:: Exercise description ::
Copy the entries below exactly; any picture among them should be left out.

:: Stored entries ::
'''
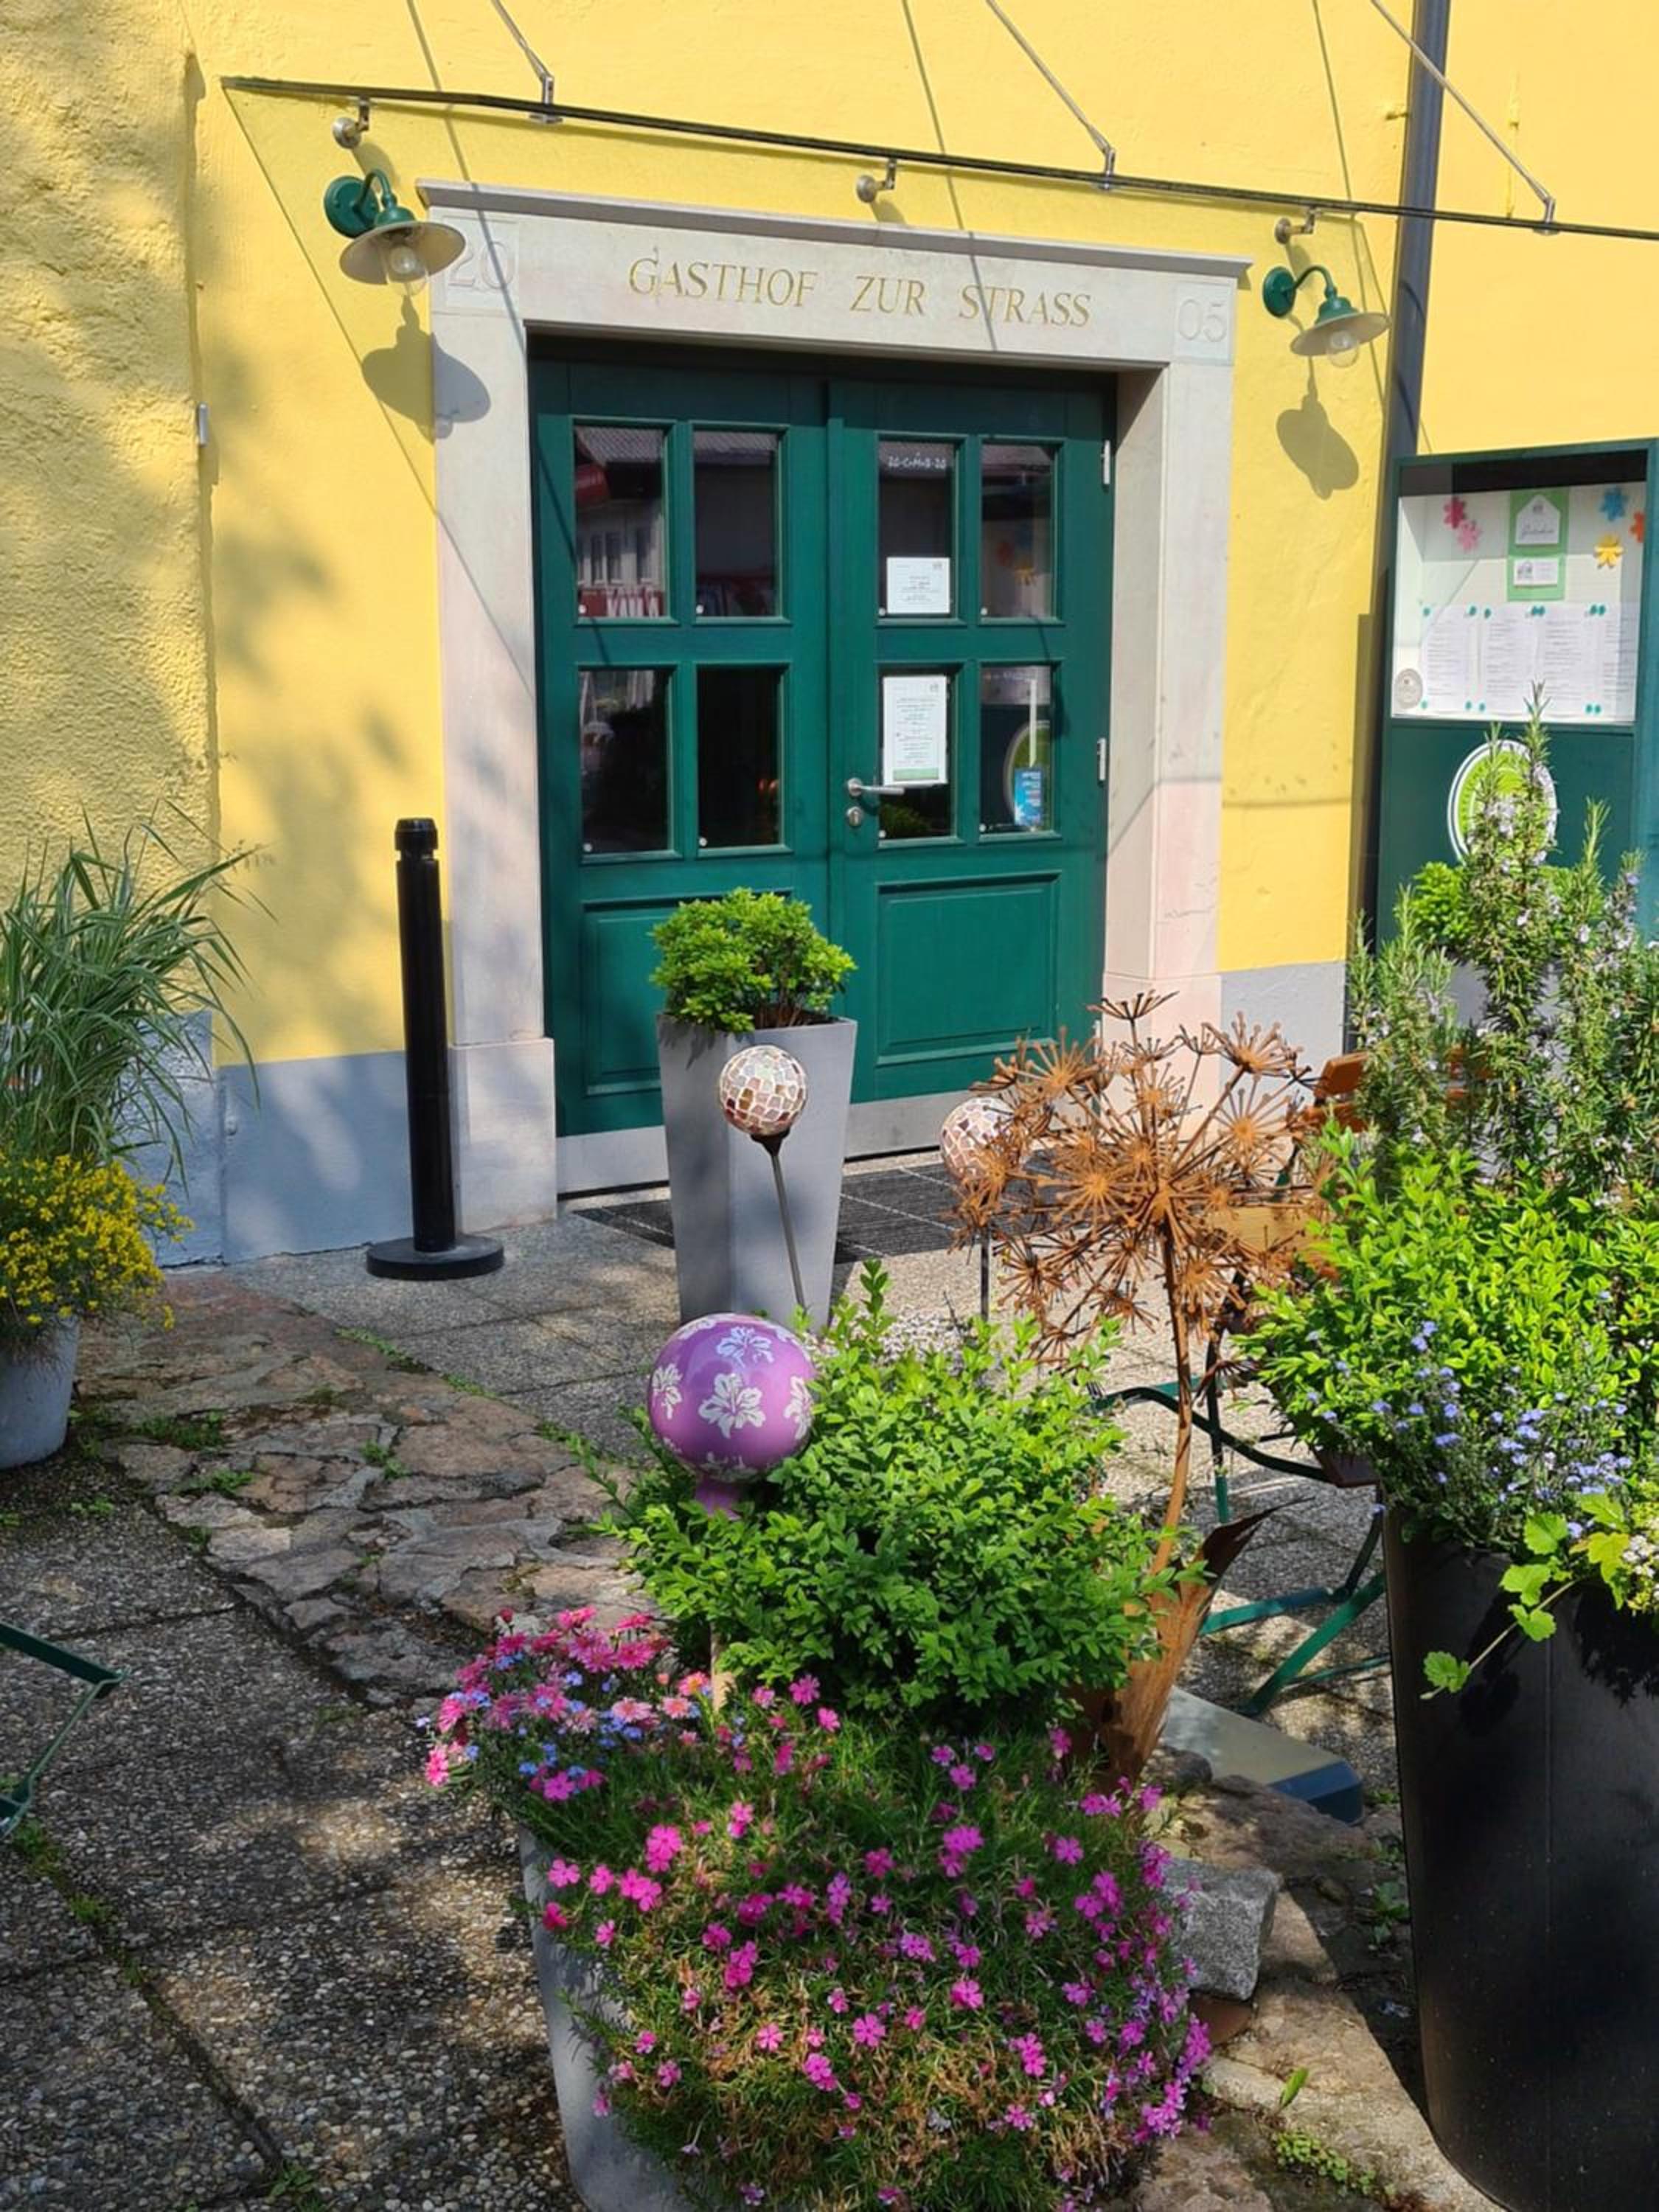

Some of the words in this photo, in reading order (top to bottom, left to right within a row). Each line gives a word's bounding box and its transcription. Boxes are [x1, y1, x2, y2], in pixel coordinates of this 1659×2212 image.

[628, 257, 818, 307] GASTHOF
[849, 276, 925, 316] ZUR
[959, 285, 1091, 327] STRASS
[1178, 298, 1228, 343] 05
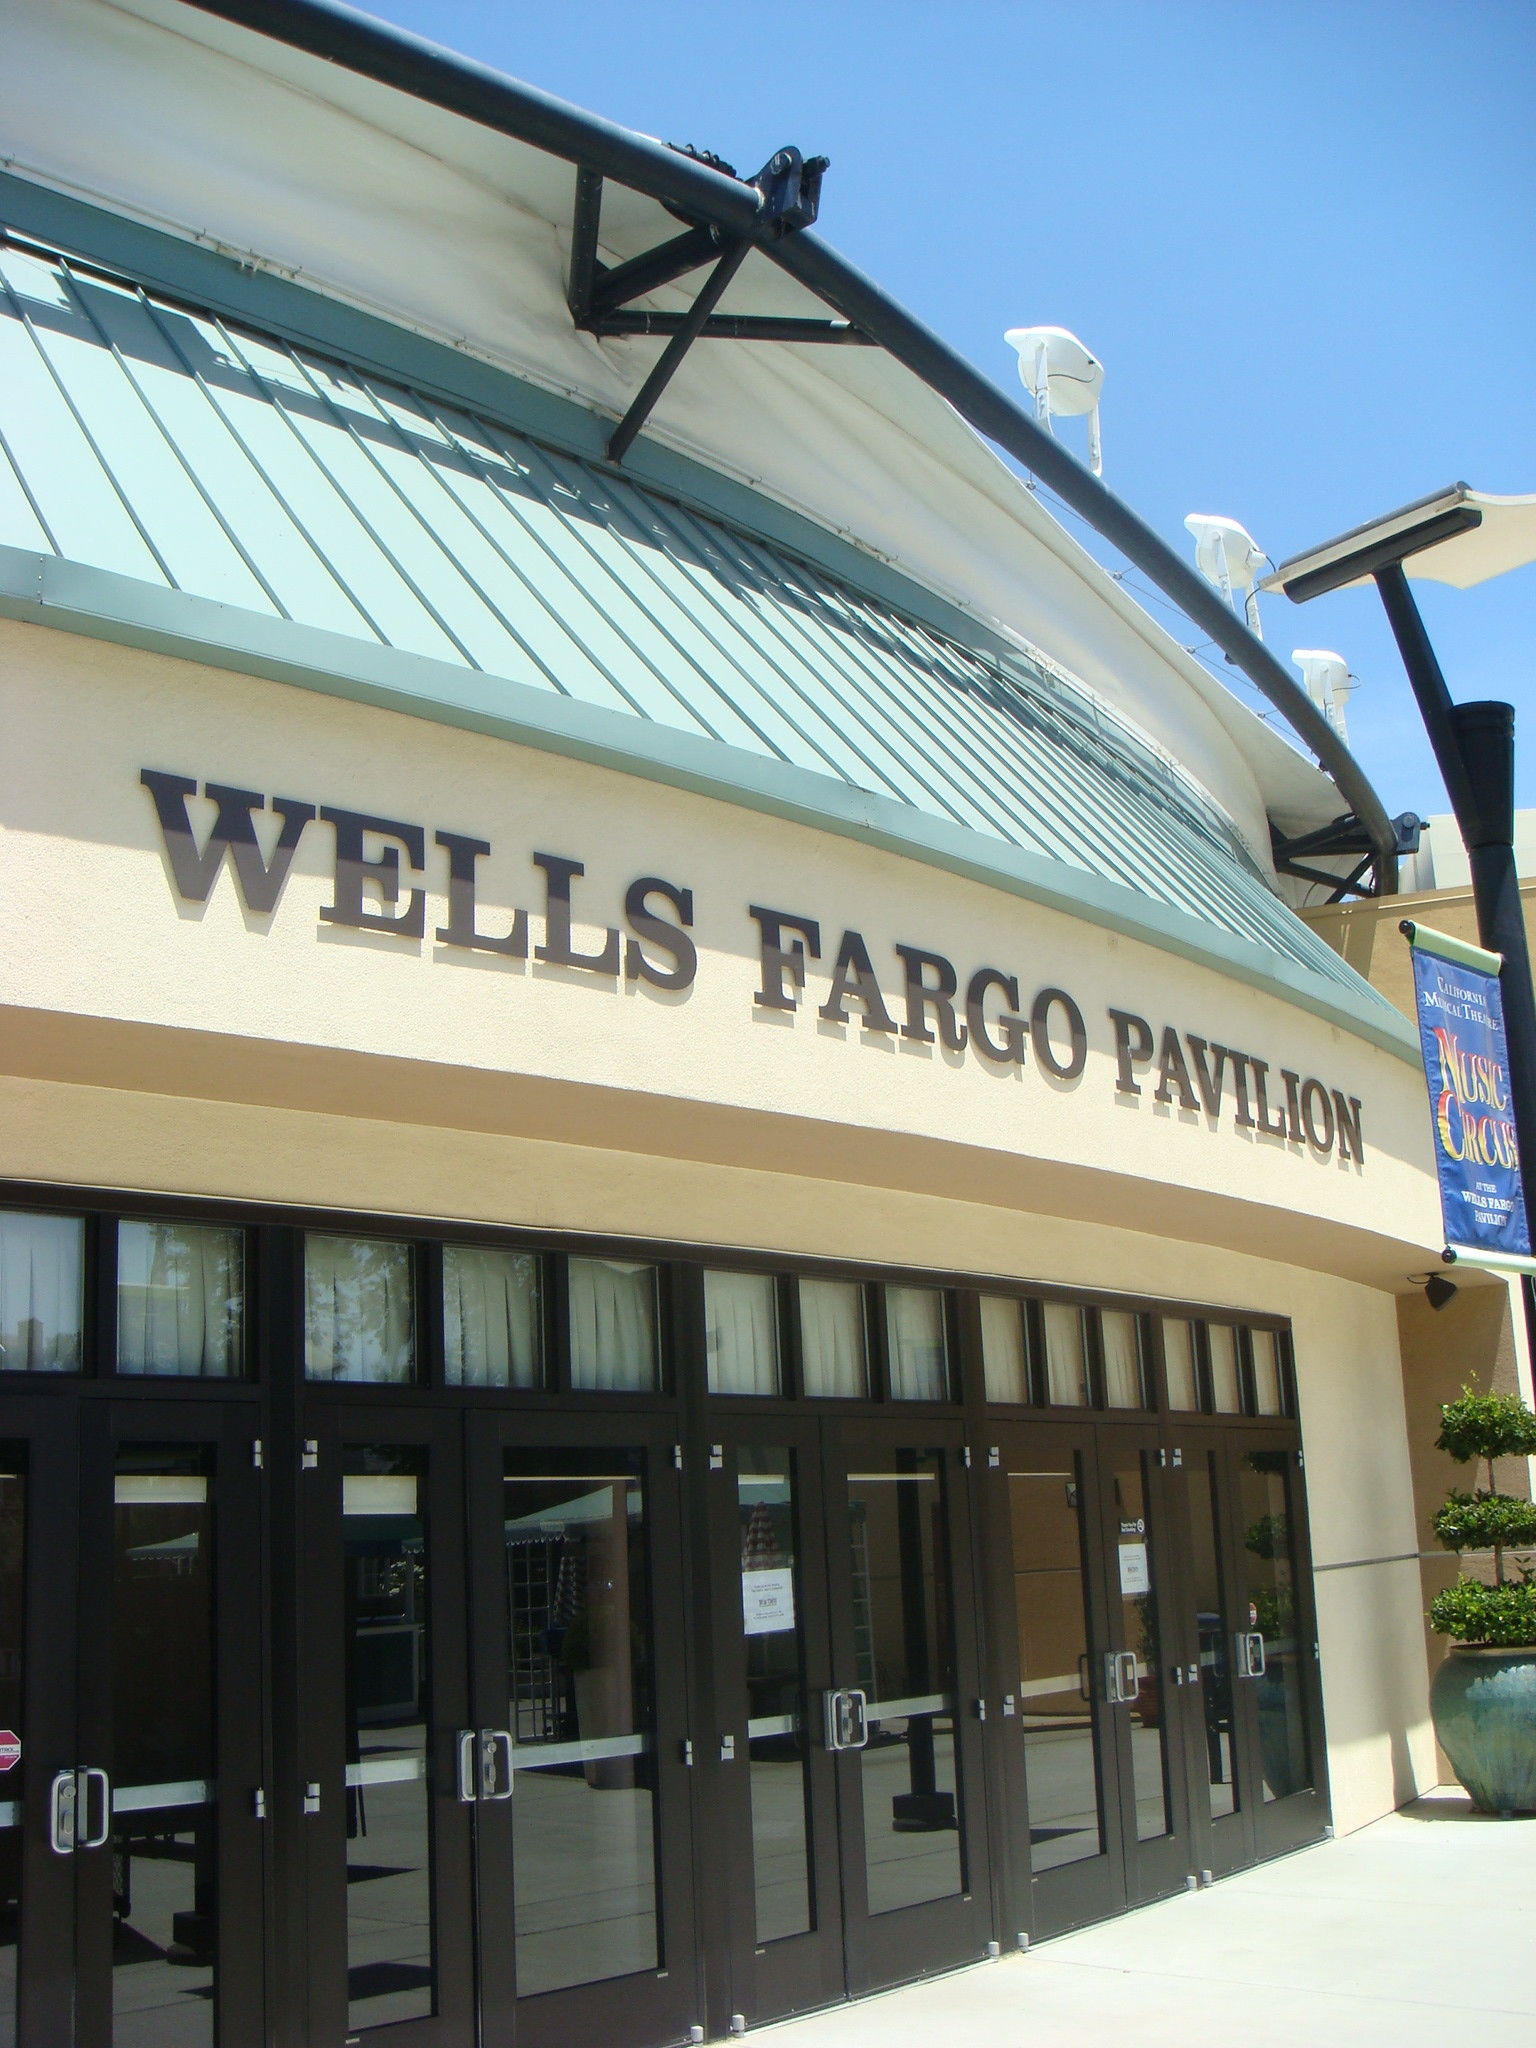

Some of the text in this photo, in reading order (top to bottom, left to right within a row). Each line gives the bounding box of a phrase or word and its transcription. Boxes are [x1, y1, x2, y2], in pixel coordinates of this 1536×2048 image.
'''
:: Answer section ::
Some of the words in this photo, in reading order (top to bottom, left to right within a row). Each line gives a word's bounding box and its transcription. Boxes are [x1, y1, x2, y2], in pixel coordinates of this 1659×2212 image.

[628, 257, 818, 307] GASTHOF
[849, 276, 925, 316] ZUR
[959, 285, 1091, 327] STRASS
[1178, 298, 1228, 343] 05

Some of the text in this photo, in reading order (top to bottom, left to right within a row). Each line gives the bounding box of a phrase or word and its transcription. Boxes are [x1, y1, x2, y2], in pixel coordinates of this 1536×2048 image.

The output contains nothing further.